EAVI keeps you updated with all the media, information and digital literacy news; initiatives,events, software, books, projects, policy, and whatever else we find relating to media literacy in Europe and beyond.
Fake News Video Game
A new browser-based game, Fake It To Make It, is a virutal exploration of how fake news sausage gets made. Instead of teaching us to dissect fake news (as many news literacy programs have been attempting – see below), Fake It To Make It puts the user in the driver’s seat of a fake news website operation.
The user begins with a small amount of money and has to decide if they will pay for website hosting in order to gain credibility or use that money for advertising or something else. From there we start looking for news articles to copy/paste onto our site and think about how to monetise our news empire with various advertising options and dissemination through Fakebook groups where we might find sympathetic eyes to click and share our content.

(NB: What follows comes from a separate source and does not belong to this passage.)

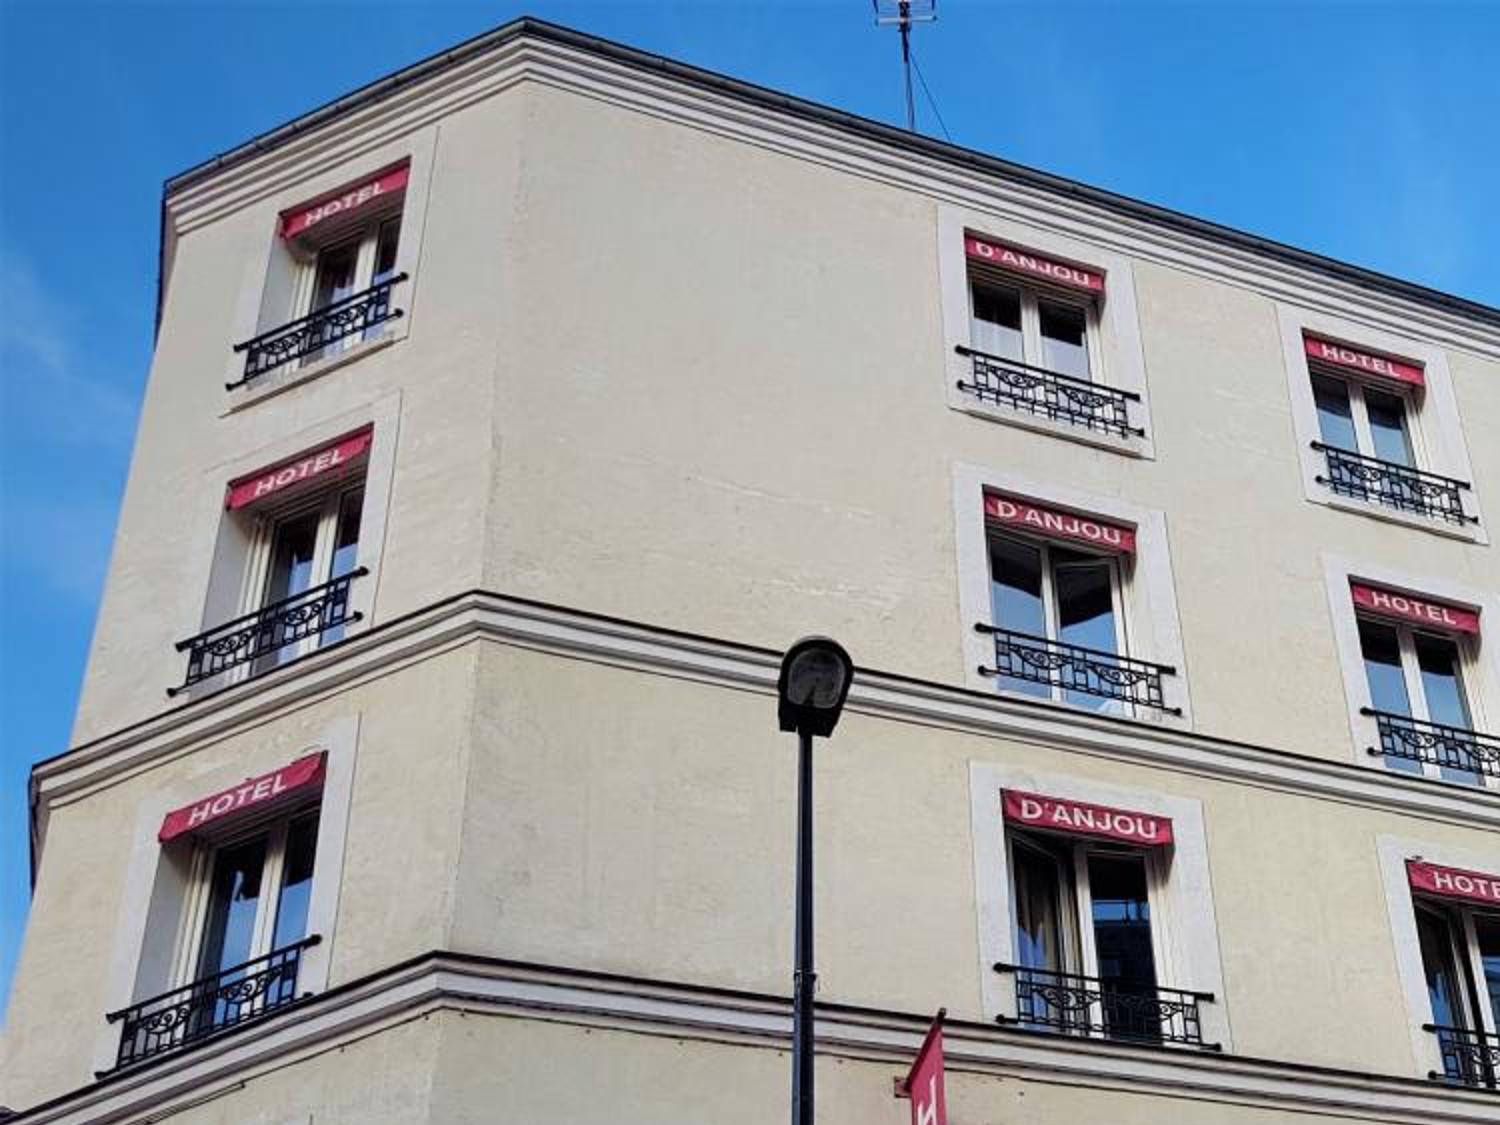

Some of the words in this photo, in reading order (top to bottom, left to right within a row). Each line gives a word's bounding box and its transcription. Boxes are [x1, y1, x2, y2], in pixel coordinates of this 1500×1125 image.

The game’s creator, Amanda Warner says she was inspired by a story from Buzzfeed about Macedonian teenagers making Google ad money from publishing fake news in the lead up to the 2016 US election.
Cybersimple is a new initiative in Belgium from Google and Test Achats. The website offers internet safety tips in French, Dutch and English on an interactive grid-like platform. You can easily find tips and instructions on using a password manager, why you should check for https protocol when making online purchases, covering your webcam and lots more. Check it out here.
Report on news literacy actions from outside the US
A recent report from WAN-IFRA with The American Press Institute put together this Google document of 131 different news literacy initiatives from around the world, including many in Europe.
Check out the document here to see which news literacy programs are in your country.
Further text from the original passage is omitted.